O mistério em torno desta questão acaba de ser parcialmente esclarecido. De fato, em um estudo recentemente publicado na revista Neuroendocrinology, uma equipe de pesquisa da Universidade Laval anunciou a descoberta de uma nova família de neurônios que estaria no centro do efeito supressor de apetite desses medicamentos.
"O Ozempic e seus análogos foram desenvolvidos para o tratamento de diabetes tipo 2. Foi observando que esses medicamentos provocavam perda de peso que as companhias farmacêuticas começaram a considerar seu uso contra a obesidade, sem entender o mecanismo subjacente", explica o líder do estudo, Alexandre Caron, professor na Faculdade de Farmácia da Universidade Laval, pesquisador no Instituto Universitário de Cardiologia e Pneumologia de Quebec e titular da Cadeira de Pesquisa do Canadá em Farmacologia Neurometabólica.

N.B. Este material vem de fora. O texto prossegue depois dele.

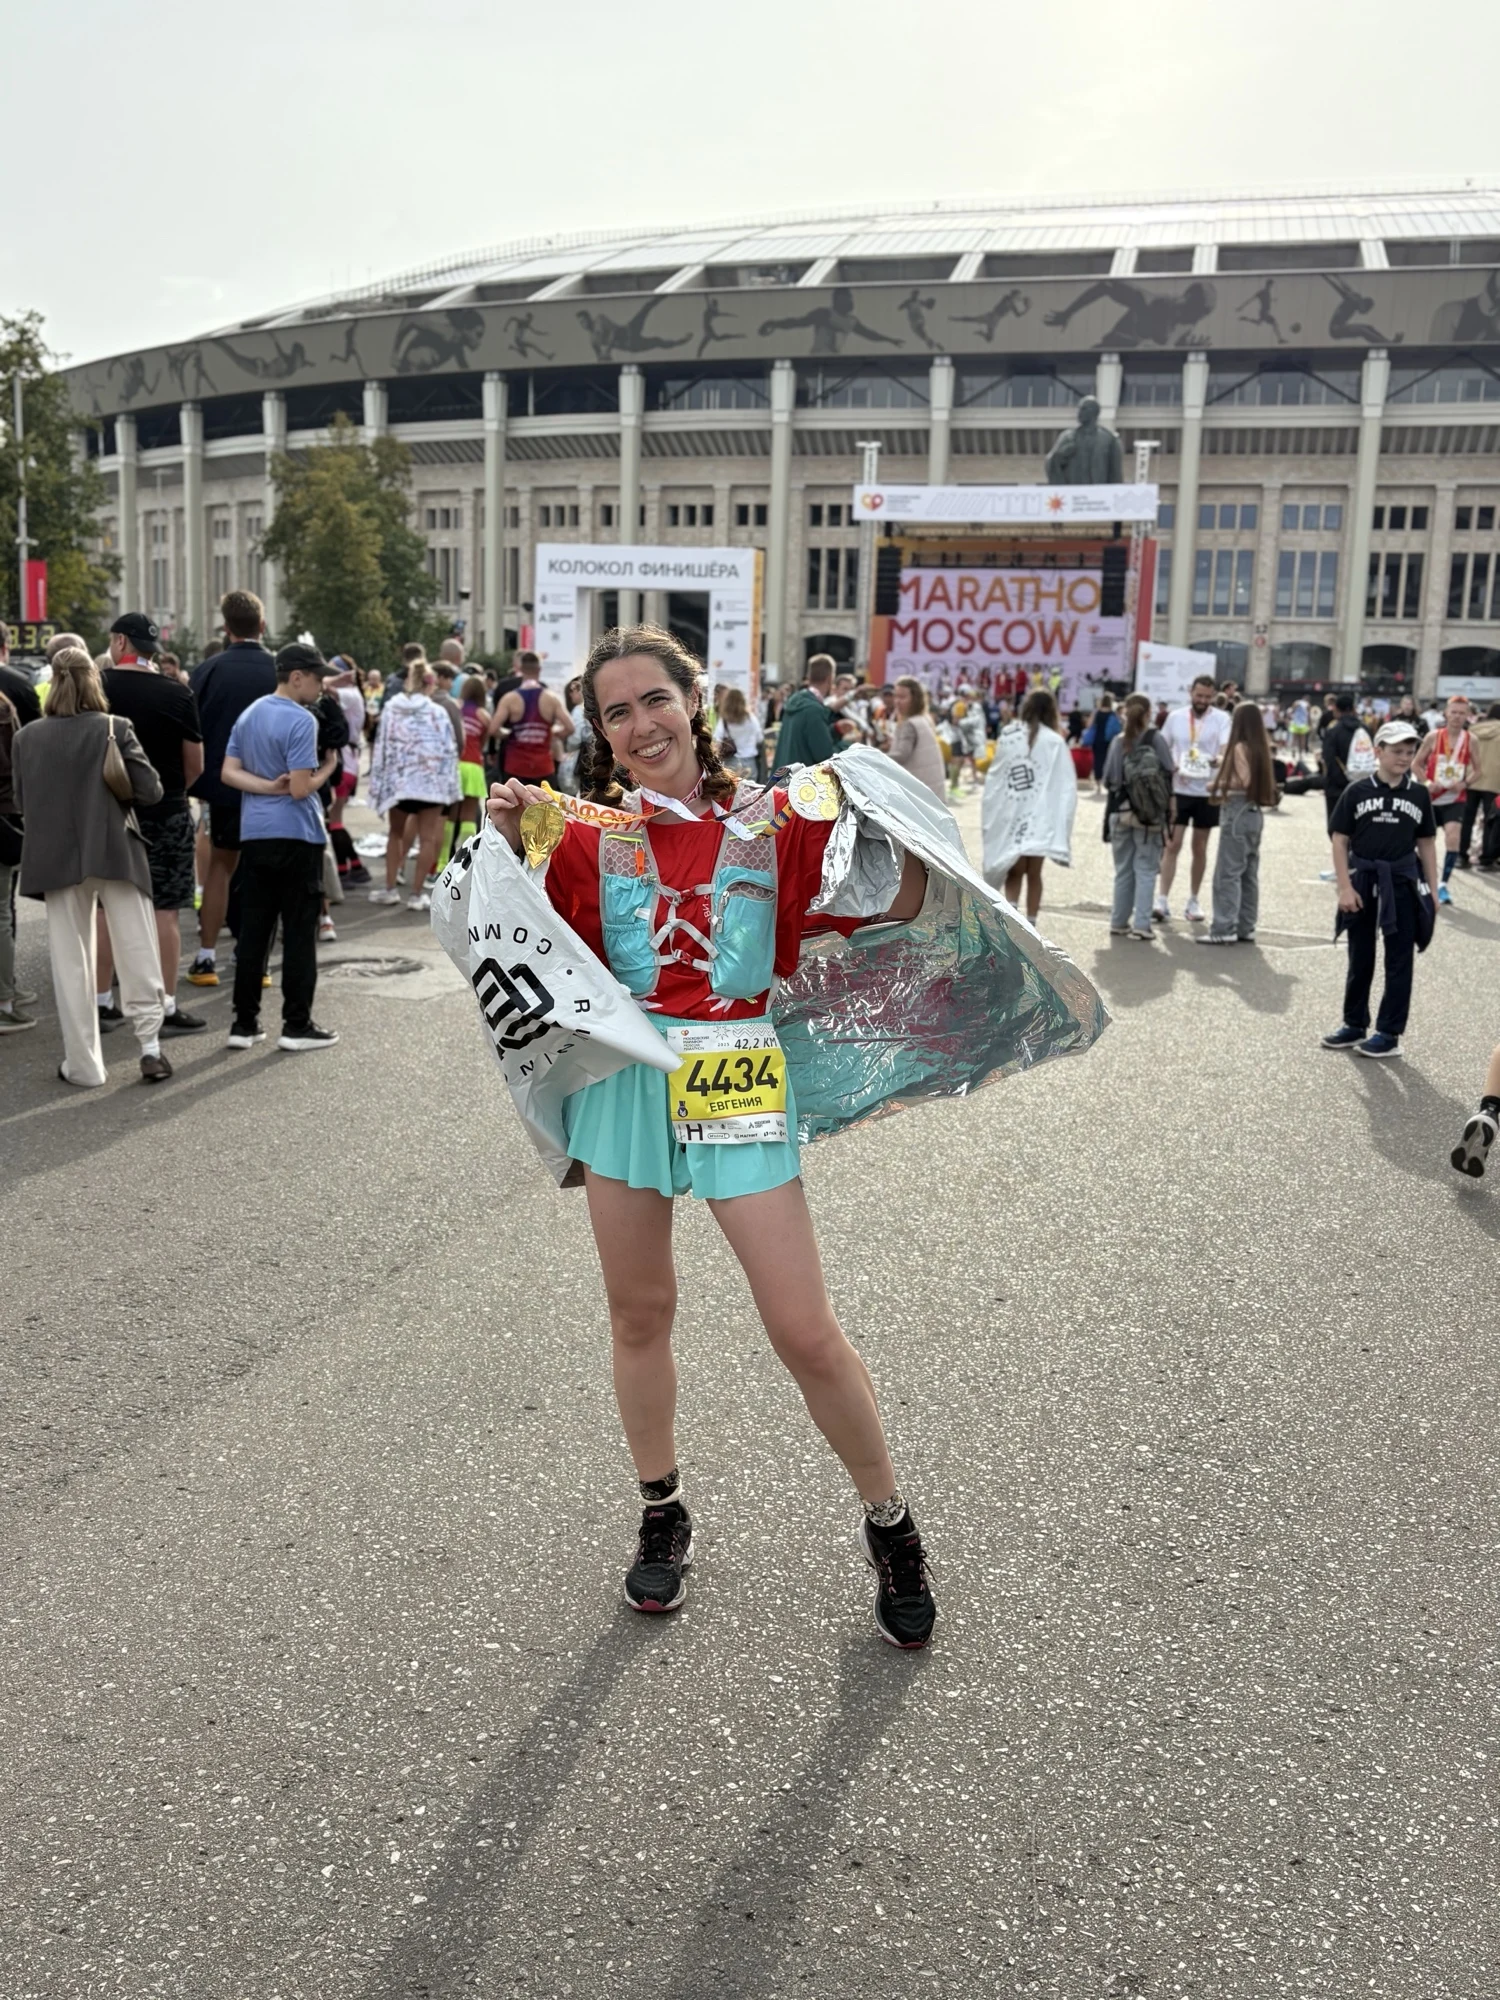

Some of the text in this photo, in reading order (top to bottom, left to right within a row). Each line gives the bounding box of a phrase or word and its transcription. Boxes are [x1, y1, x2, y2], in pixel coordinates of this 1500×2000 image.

[548, 559, 740, 579] КОЛОКОЛ ФИНИШЁРА
[897, 575, 1102, 614] MARATHO
[888, 618, 1080, 655] MOSCOW
[565, 799, 635, 832] АФОН
[468, 923, 553, 955] COMM
[734, 1038, 760, 1051] 42,2
[686, 1055, 779, 1097] 4434
[709, 1096, 763, 1112] ЕВГЕНИЯ

A molécula ativa do Ozempic é o semaglutido, ele lembra. É um análogo do hormônio GLP-1 produzido naturalmente pelo intestino após uma refeição contendo carboidratos. "Assim como o GLP-1, o semaglutido circula no sangue e chega a uma pequena região do cérebro, chamada núcleo arqueado do hipotálamo, onde atua sobre neurônios para induzir a sensação de saciedade", aponta o pesquisador.
Estudos anteriores sugeriam que um dos sistemas regulatórios do apetite mais poderosos se encontrava justamente nesta região do cérebro. "Já se conhecia a existência de duas famílias de neurônios que intervinham nesse sistema, uma que estimula o apetite e outra que induz à sensação de saciedade, lembra o pesquisador. No entanto, suspeitava-se da existência de um terceiro grupo de neurônios com uma ação a montante dos dois primeiros. Nossos trabalhos permitiram identificar e caracterizar uma nova família de neurônios que seria esse elemento faltante."

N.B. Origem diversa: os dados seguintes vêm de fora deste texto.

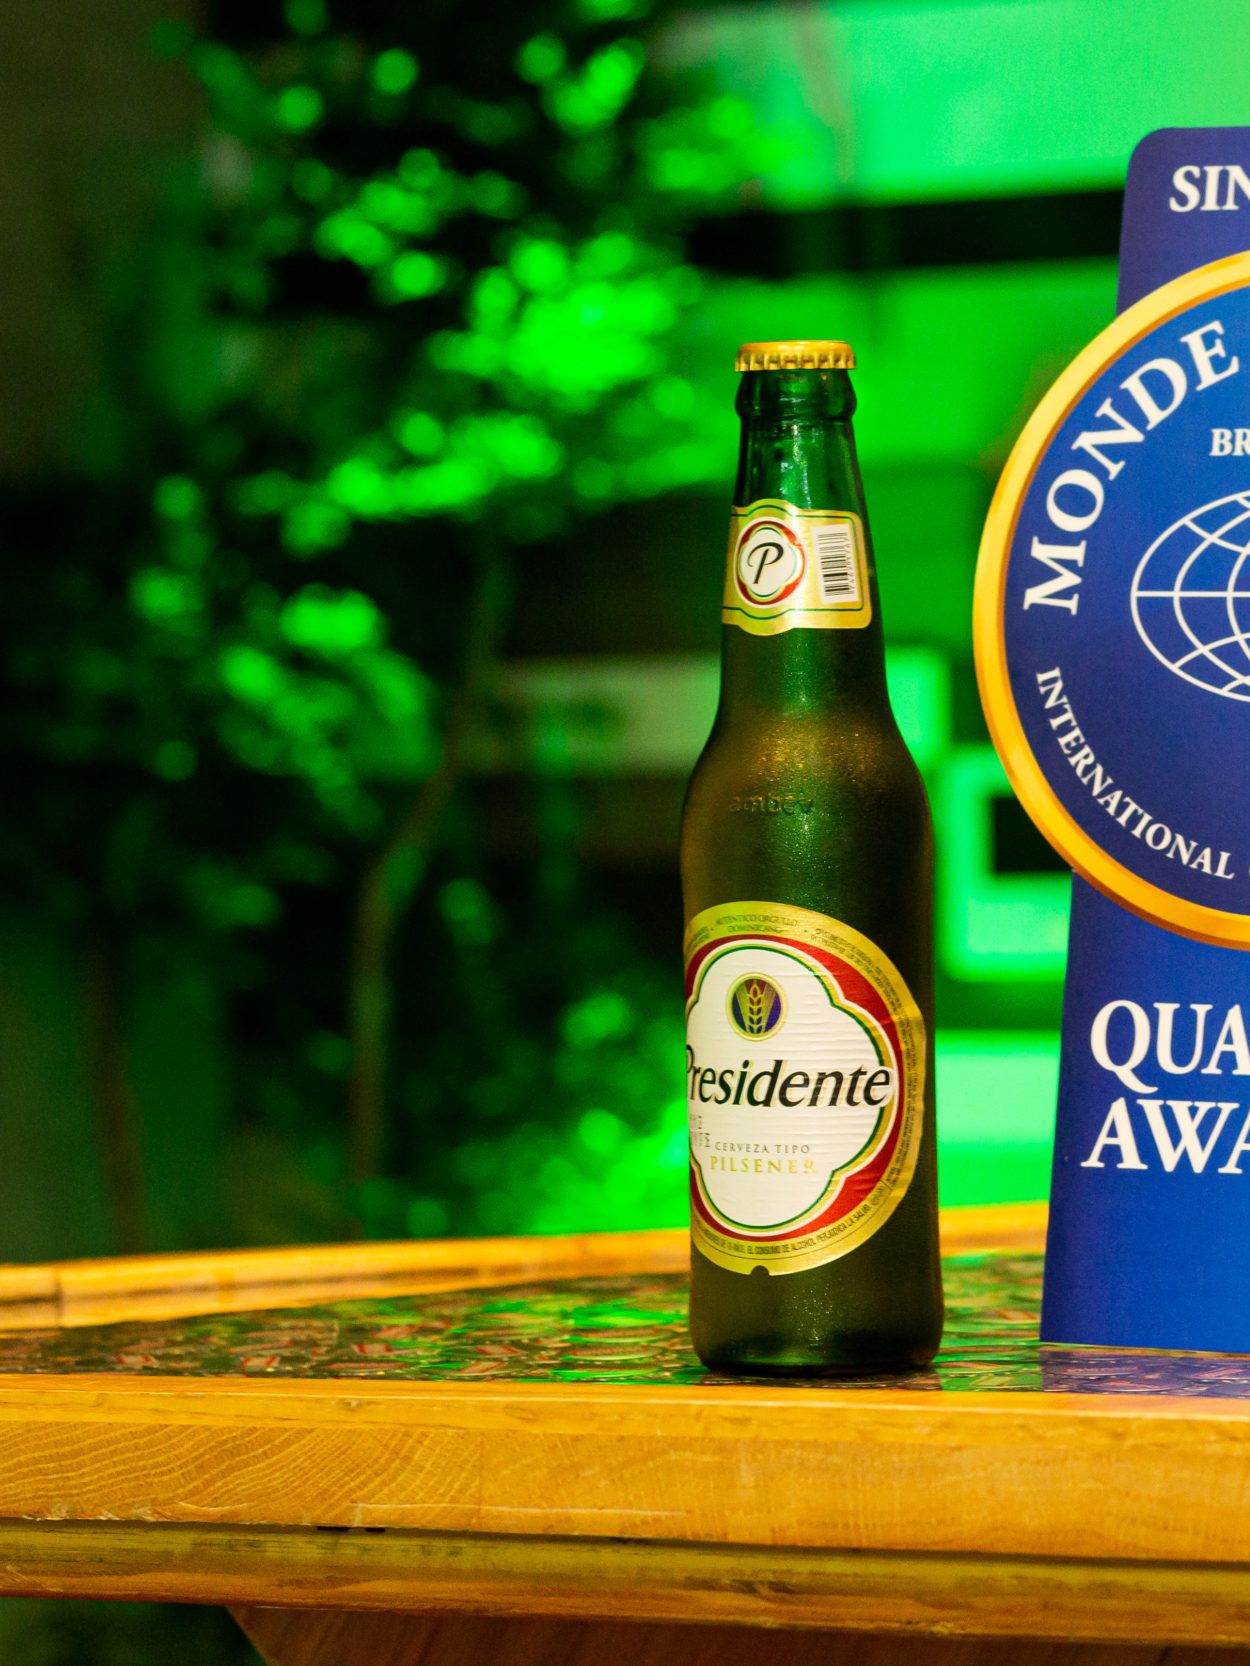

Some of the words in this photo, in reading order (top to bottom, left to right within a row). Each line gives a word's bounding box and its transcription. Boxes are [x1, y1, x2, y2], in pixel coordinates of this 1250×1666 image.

[1022, 320, 1240, 616] MONDE
[746, 542, 784, 584] P
[1035, 666, 1235, 880] INTERNATIONAL
[710, 1155, 815, 1174] PILSENER
[715, 1142, 769, 1154] CERVEZA
[775, 1144, 811, 1154] TIPO

Esses neurônios, chamados CRABP1 devido à proteína homônima que produzem, encontram-se principalmente no núcleo arqueado do hipotálamo. Eles se distinguem pela abundância de seus receptores membranares capazes de se ligar ao hormônio GLP-1 ou a moléculas análogas como o semaglutido.
"As experiências que conduzimos em camundongos mostram que a atividade desses neurônios é reduzida após uma refeição, assim como após a injeção de liraglutida, uma molécula semelhante ao semaglutido. A ligação entre essa molécula e os receptores GLP-1 'faz crer' a esses neurônios que houve ingestão de uma refeição, o que levaria à produção de sinais de saciedade no cérebro", avança o professor Caron. O Ozempic e seus derivados, Rybelsus, Wegovy, assim como Mounjaro, utilizariam o mesmo modo de ação.

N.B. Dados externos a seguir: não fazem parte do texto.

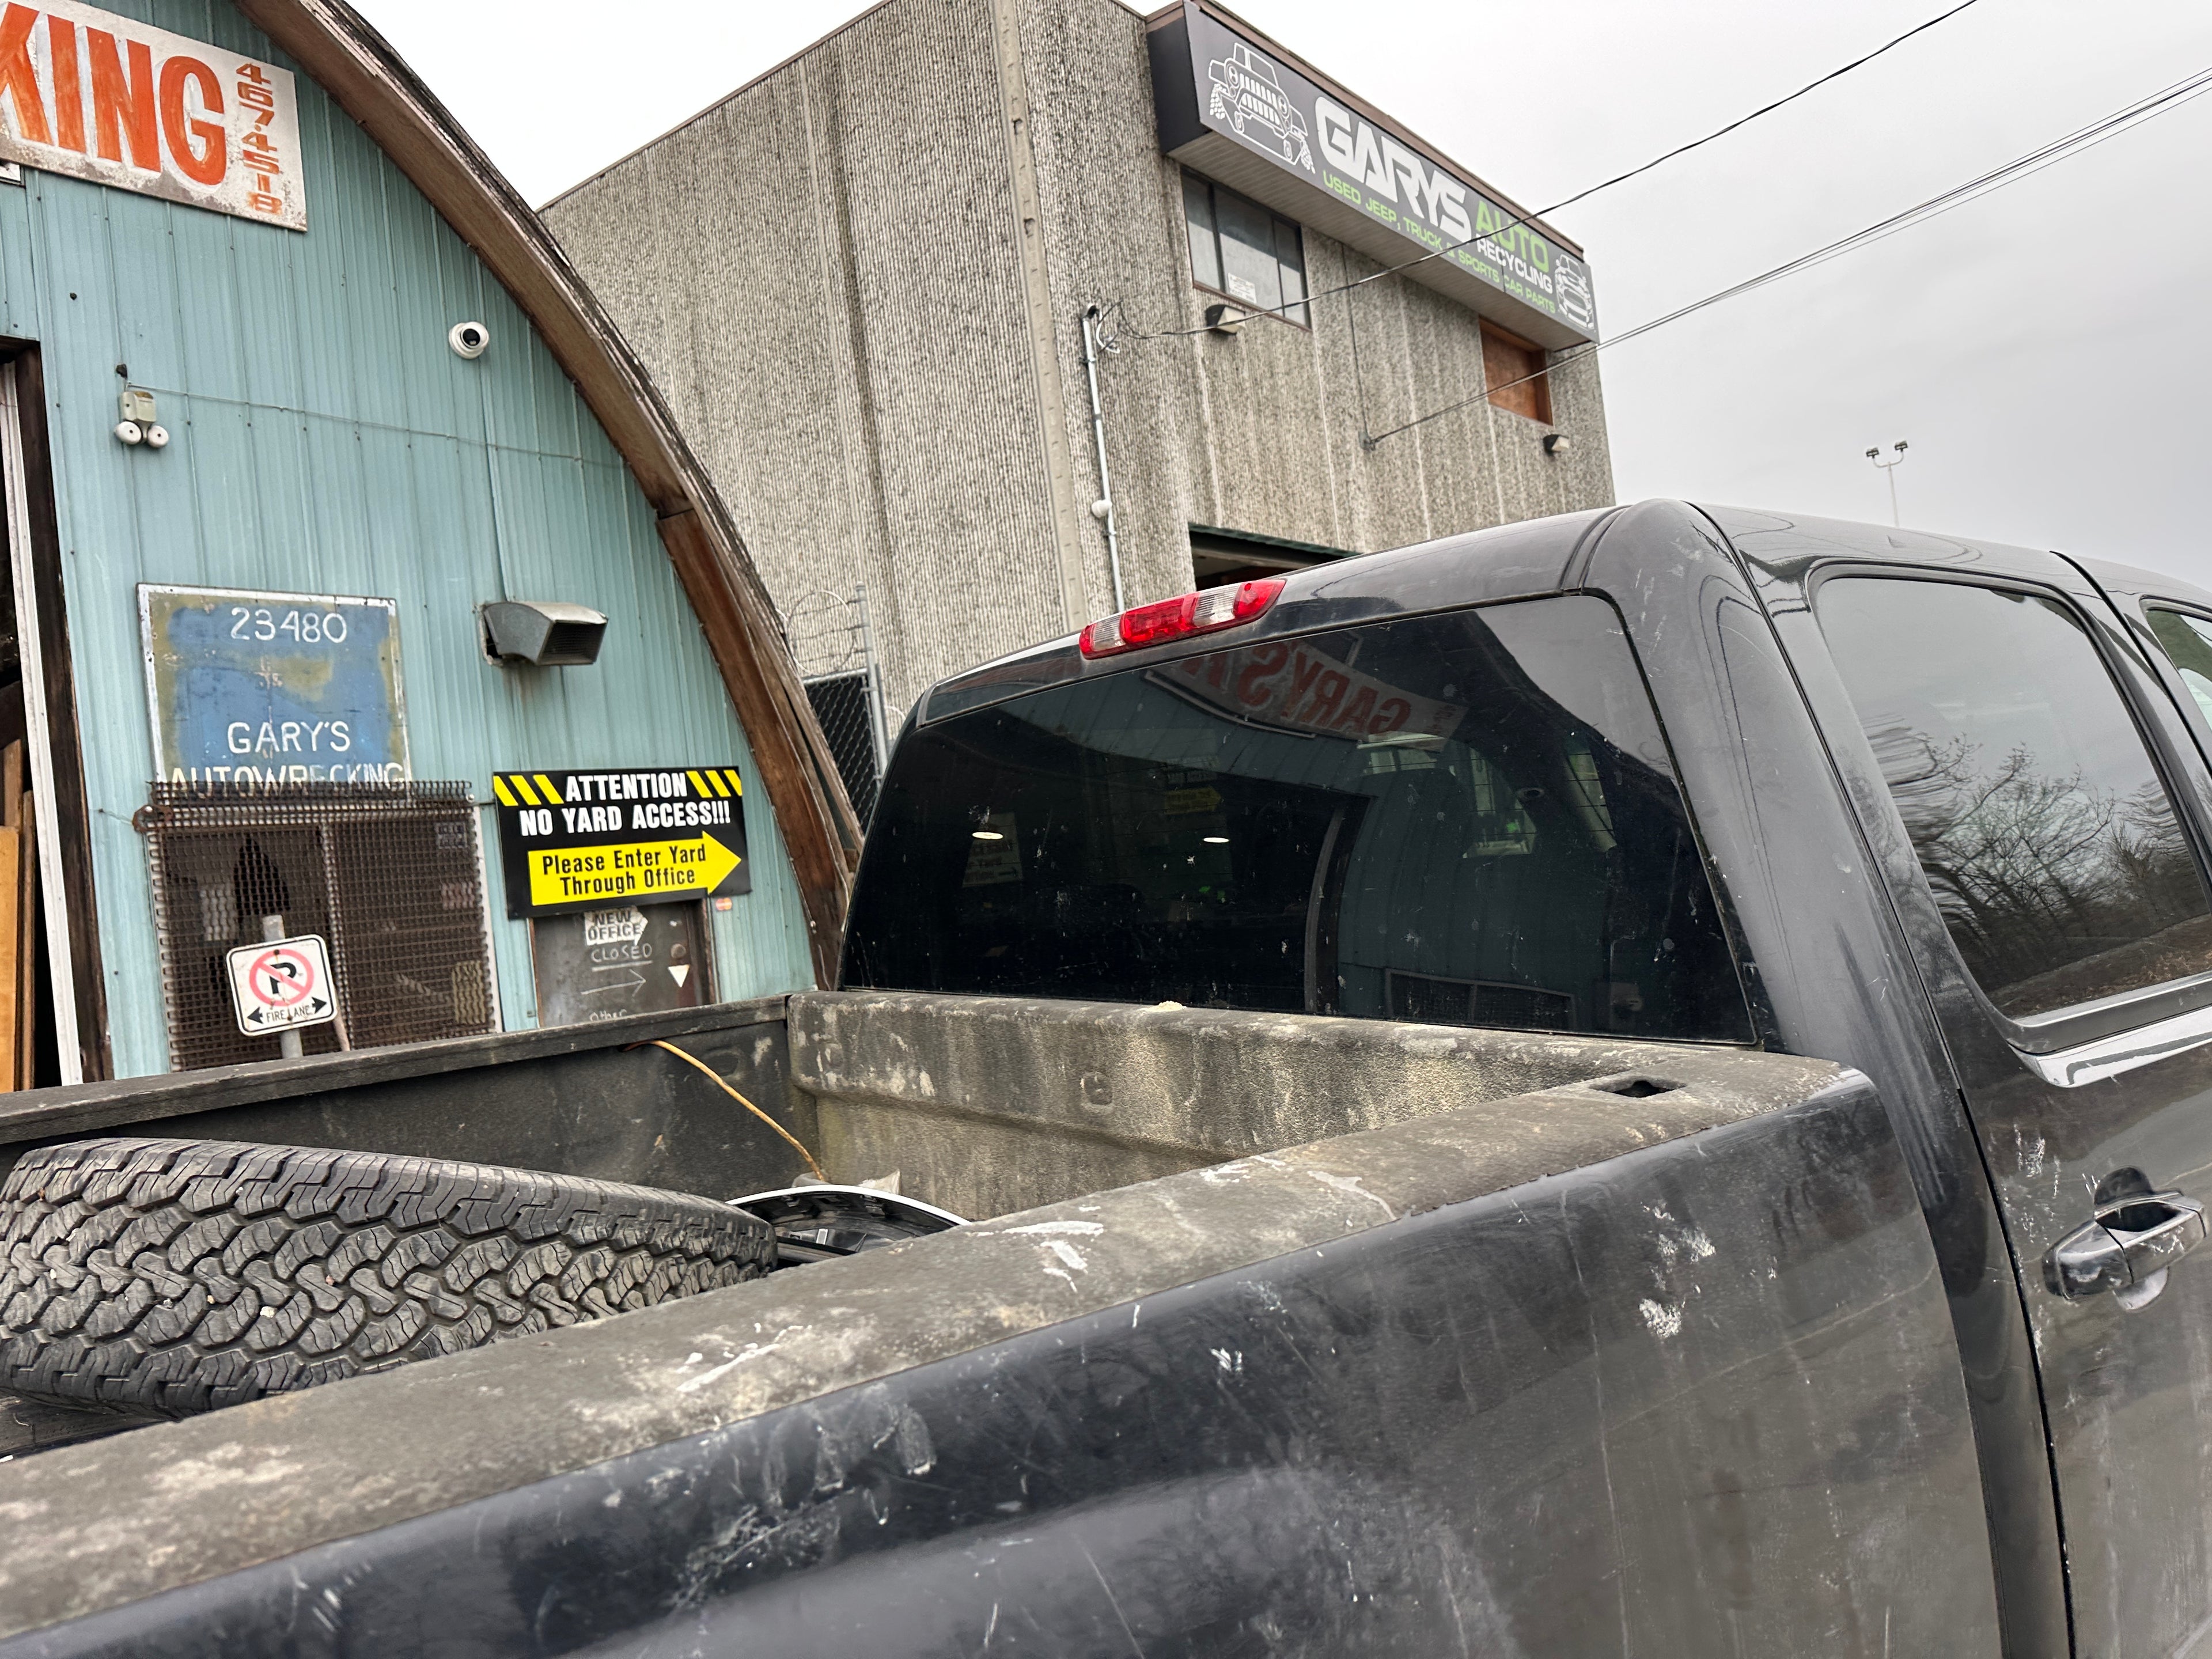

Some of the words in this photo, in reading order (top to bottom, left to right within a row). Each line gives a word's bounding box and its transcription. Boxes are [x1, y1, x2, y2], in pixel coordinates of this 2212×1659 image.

[1315, 96, 1472, 243] GARYS
[1323, 170, 1362, 205] USED
[1403, 217, 1443, 251] TRUCK
[1458, 249, 1500, 283] SPORTS
[1503, 274, 1524, 297] CAR
[1526, 287, 1556, 314] PARTS
[1476, 200, 1550, 274] AUTO
[1476, 233, 1553, 294] RECYCLING
[230, 607, 347, 644] 23480
[227, 721, 351, 754] GARY'S
[566, 772, 688, 802] ATTENTION
[519, 809, 553, 836] NO
[562, 806, 623, 834] YARD
[632, 800, 731, 830] ACCESS!!!
[542, 855, 605, 875] Please
[613, 850, 661, 869] Enter
[669, 843, 707, 865] Yard
[560, 872, 636, 896] Through
[644, 868, 695, 888] Office
[588, 923, 642, 941] OFFICE
[594, 910, 631, 925] NEW
[591, 943, 653, 963] CLOSED
[266, 1009, 286, 1023] FIRE

"Nossa pesquisa nos permite ter um melhor retrato da mecânica fina desses medicamentos supressores de apetite. Além disso, ela destaca a existência de uma nova população de neurônios que poderia servir como alvo para aprimorar as moléculas supressoras de apetite existentes, reduzindo particularmente seus efeitos colaterais, ou para desenvolver novas moléculas", resume o pesquisador.
O estudo publicado na Neuroendocrinology é assinado por Olivier Lavoie, Audrey Turmel, Paige Mattoon, William James Desrosiers, Julie Plamondon, Natalie Jane Michael e Alexandre Caron.